Stephanie Peace INMED Blog

HIV Care

Kiwoko Hospital has several different clinics for HIV+ patients, including one for adults, one for children and adolescents, and one for mother-baby pairs. There are also extensive counseling and testing efforts that happen in formal and informal ways and a special program for HIV+ women who make woven baskets sold by the hospital for income (as they have often been rejected by their partners and communities and have limited education to support them).

 

I spent 2 days at HIV clinic, one for adults and one for children/teens. The process at Kiwoko is a well-oiled machine. Patients are checked in for vitals, then proceed to a counselor who counts pills for compliance. If there are any compliance concerns, the patient goes to additional adherence counseling to talk about the family’s financial situation, medication side-effects, and anything else that may be affecting compliance. After this, patients go to the lab (as needed) for viral load and CD4 testing. Finally, the patients come to the clinical officer (similar to a physician assistant in the U.S.) for evaluation and refills. The pharmacy (where all HIV medications are free, covered by USAID and other multinational organizations) is the final stop of the day.

 

Since instituting free HIV care and more aggressive screening and treatment during pregnancy, the mother-to-child transmission rate has decreased significantly at Kiwoko (often limited to mothers who delivered at home). This is great news! However, there remain many children who are already infected with the virus. I saw two sisters, aged 9 and 11, come to clinic by themselves from another town 30 minutes away. One had a fungal infection of her scalp; the other reported anal pruritis and stated that her grandmother had seen pinworms in her stools. Although we prescribed them medications and refilled their HIV medications, watching these two young girls leave the clinic alone (despite repeatedly requesting that a caregiver accompany them to clinic) made me feel that we hadn’t done nearly enough to relieve the burden on their young shoulders.
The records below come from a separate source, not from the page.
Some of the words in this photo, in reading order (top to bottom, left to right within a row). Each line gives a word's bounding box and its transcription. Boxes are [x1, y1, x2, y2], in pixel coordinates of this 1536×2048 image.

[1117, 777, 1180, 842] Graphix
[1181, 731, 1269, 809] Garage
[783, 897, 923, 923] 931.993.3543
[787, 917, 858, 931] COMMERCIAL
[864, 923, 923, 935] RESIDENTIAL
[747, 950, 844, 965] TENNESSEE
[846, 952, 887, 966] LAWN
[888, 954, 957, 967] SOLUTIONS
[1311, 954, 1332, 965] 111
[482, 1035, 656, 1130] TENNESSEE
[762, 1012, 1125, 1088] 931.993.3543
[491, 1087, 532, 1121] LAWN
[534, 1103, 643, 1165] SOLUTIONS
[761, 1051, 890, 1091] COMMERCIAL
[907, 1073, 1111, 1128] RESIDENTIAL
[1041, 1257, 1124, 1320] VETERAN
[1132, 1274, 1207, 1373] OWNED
There are some things no child should have to face alone.

 

Being in the HIV clinic gave me an opportunity to ask sensitive questions about sexual practices and family planning in Uganda. The staff were generally happy to discuss with me. Encouraging condom use, even among the HIV+ patients, remains a major challenge at Kiwoko. In a culture where men remain the head of the household and women have minimal agency regarding their sexual health, condoms are not a popular form of contraception or STI prevention. The stigma has decreased for HIV testing, but is still more challenging in men who tend to come to the hospital less frequently than women (who also receive testing with each pregnancy). Despite improved education about HIV and the relatively easy access to free medications for management, there are still widespread ideas about treatment of HIV that are not scientifically based (including various natural remedies and the theory that the virus can be cured by having sex with a virgin). An emerging problem seems to be the early age of onset of sexual activity. In Kampala, girls as young as 13 and 14 are initiating sexual activity (apparently related to the negative influences of alcohol, drugs, prostitutes, and media), while in the more rural areas like Kiwoko girls may begin sexual activity at 15 or 16. All of these behaviors combine to produce a high HIV rate in Uganda – but, like in the U.S., health behaviors are often the most difficult to change.